* [DATASET EXCERPTS]:
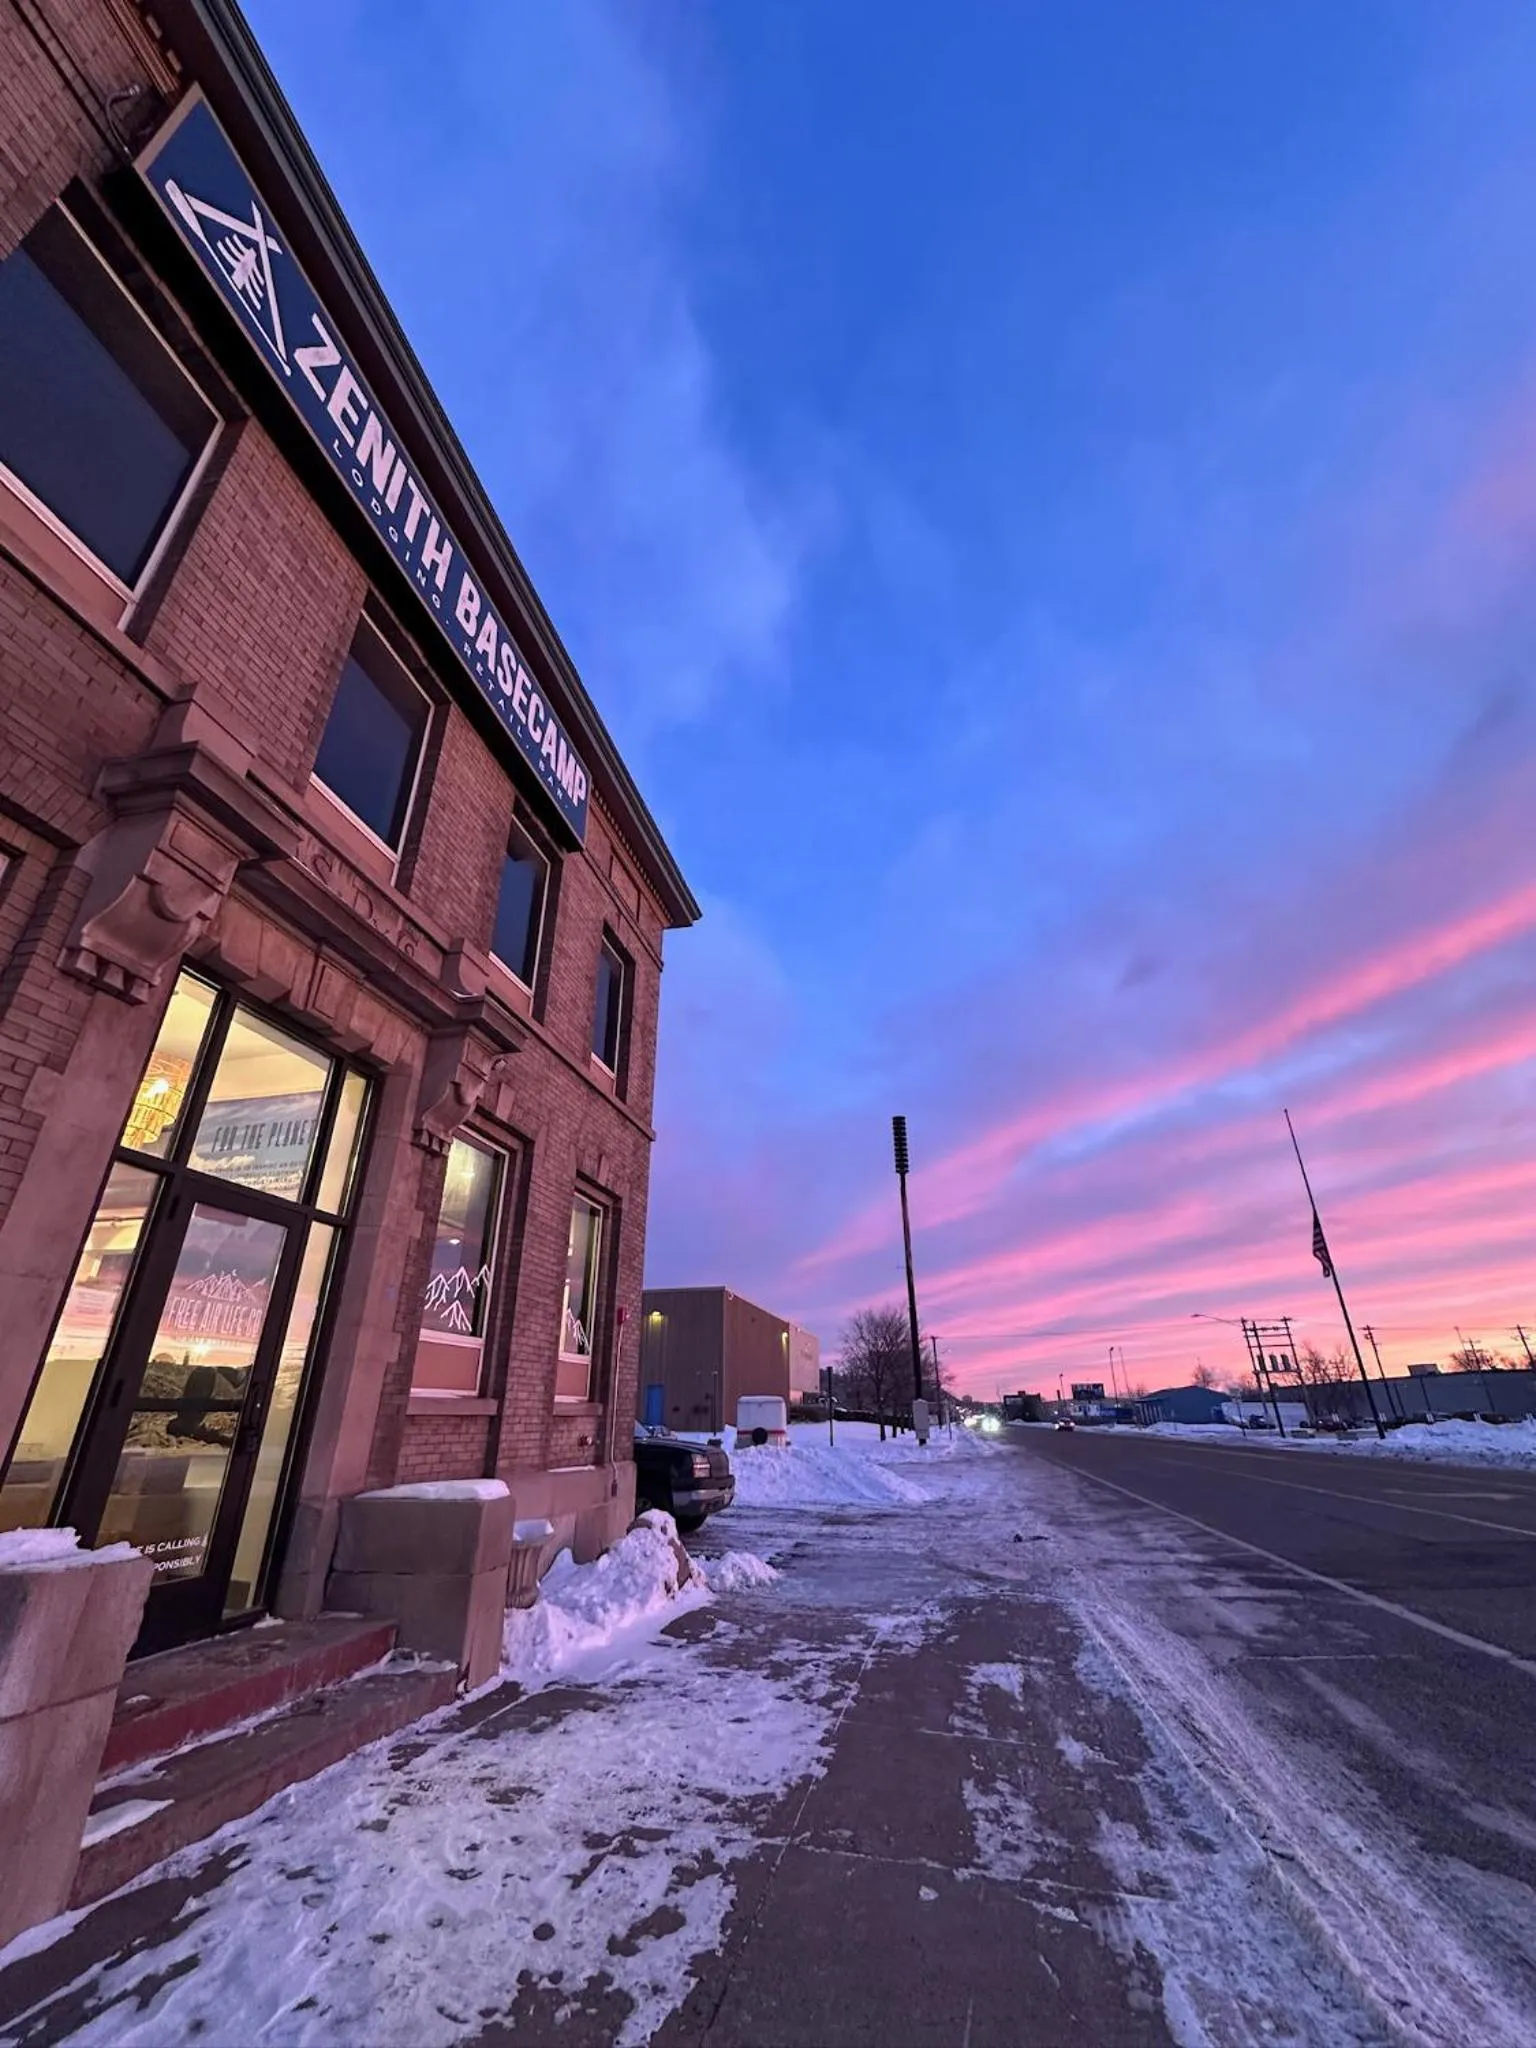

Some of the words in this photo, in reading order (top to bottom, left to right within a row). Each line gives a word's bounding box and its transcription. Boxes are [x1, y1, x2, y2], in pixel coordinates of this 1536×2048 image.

[294, 312, 454, 592] ZENITH
[455, 571, 587, 807] BASECAMP
[167, 1296, 201, 1330] FREE
[144, 1544, 155, 1554] IS
[152, 1555, 202, 1571] PONSIBLY
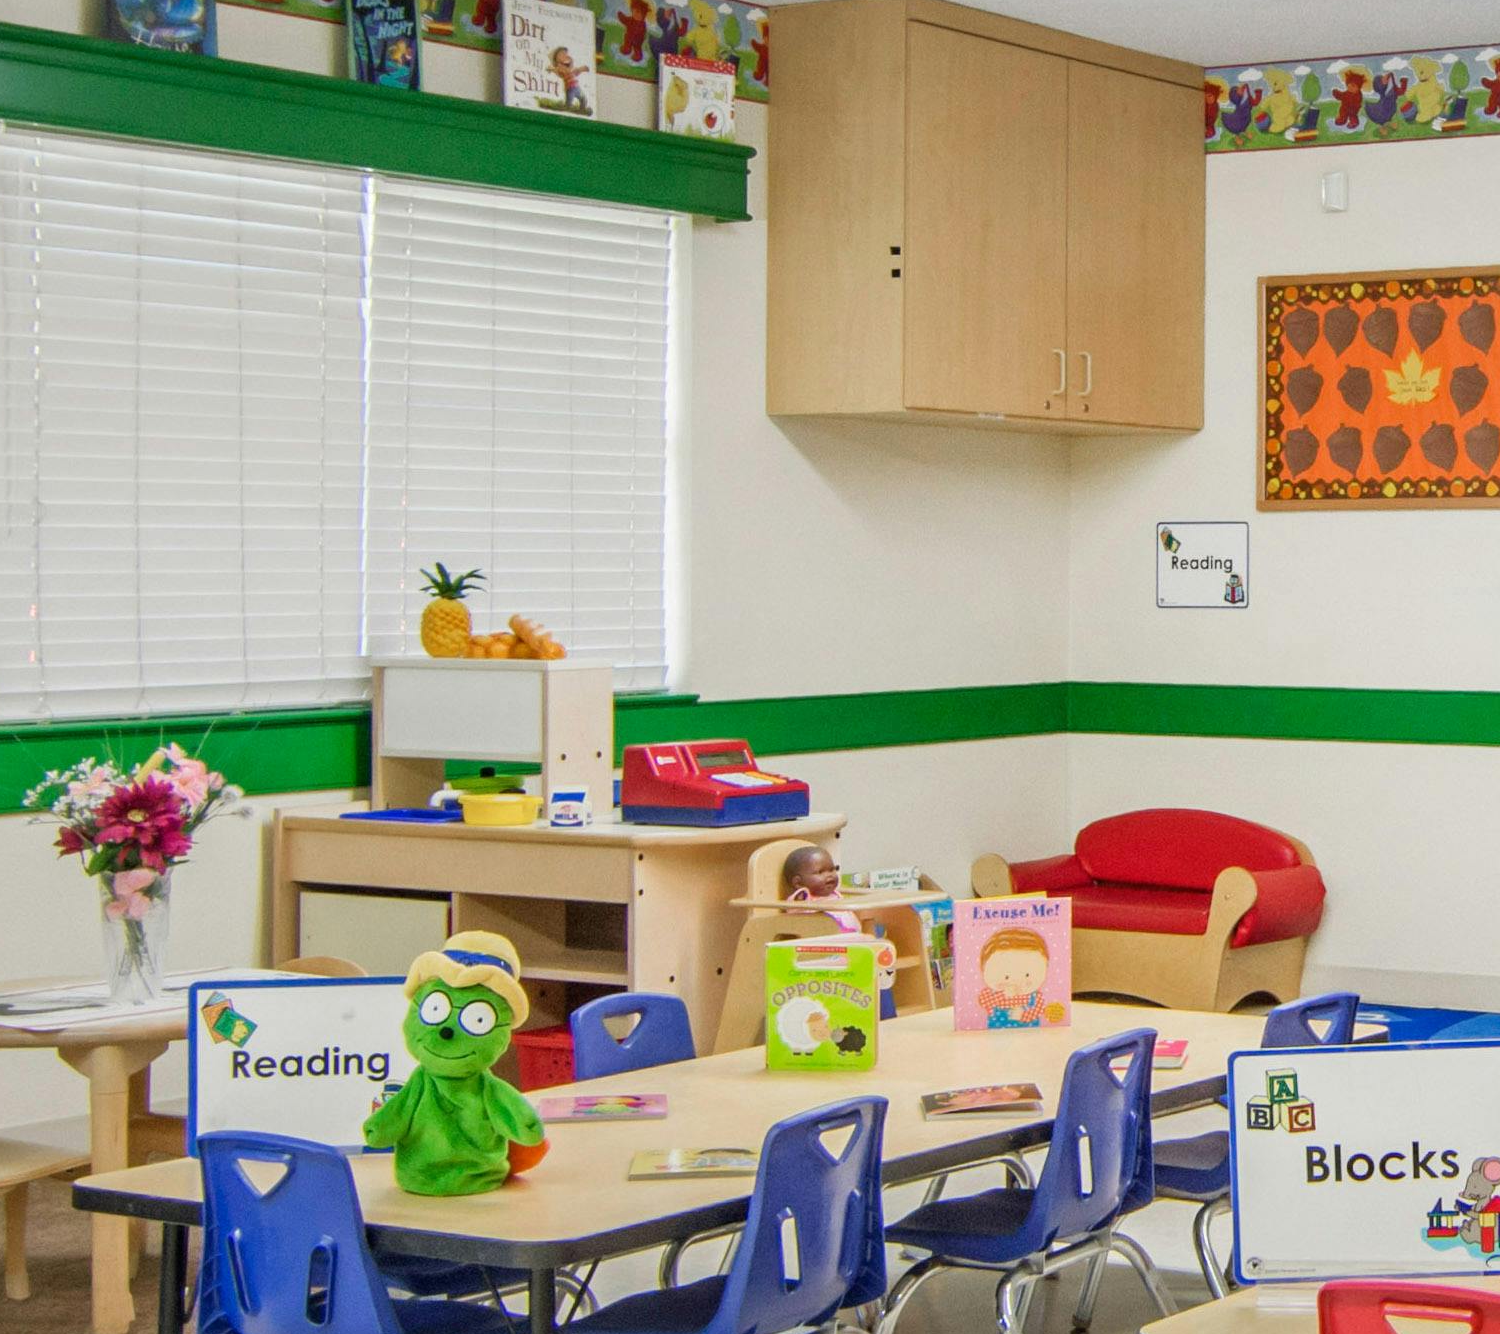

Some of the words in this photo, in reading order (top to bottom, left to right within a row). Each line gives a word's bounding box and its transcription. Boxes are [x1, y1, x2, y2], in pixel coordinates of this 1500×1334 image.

* [HOW TO COMPLETE THIS TASK]:
Transcribe the material above in full. No picture is to be copied.

* [EXERCISE RESPONSE]:
Some of the words in this photo, in reading order (top to bottom, left to right within a row). Each line gives a word's bounding box and its transcription. Boxes are [x1, y1, x2, y2], in pixel coordinates of this 1536×2048 image.

[294, 312, 454, 592] ZENITH
[455, 571, 587, 807] BASECAMP
[167, 1296, 201, 1330] FREE
[144, 1544, 155, 1554] IS
[152, 1555, 202, 1571] PONSIBLY

Some of the words in this photo, in reading order (top to bottom, left to right within a row). Each line gives a word's bounding box and its transcription. Boxes are [x1, y1, x2, y2], in pixel coordinates of this 1500×1334 image.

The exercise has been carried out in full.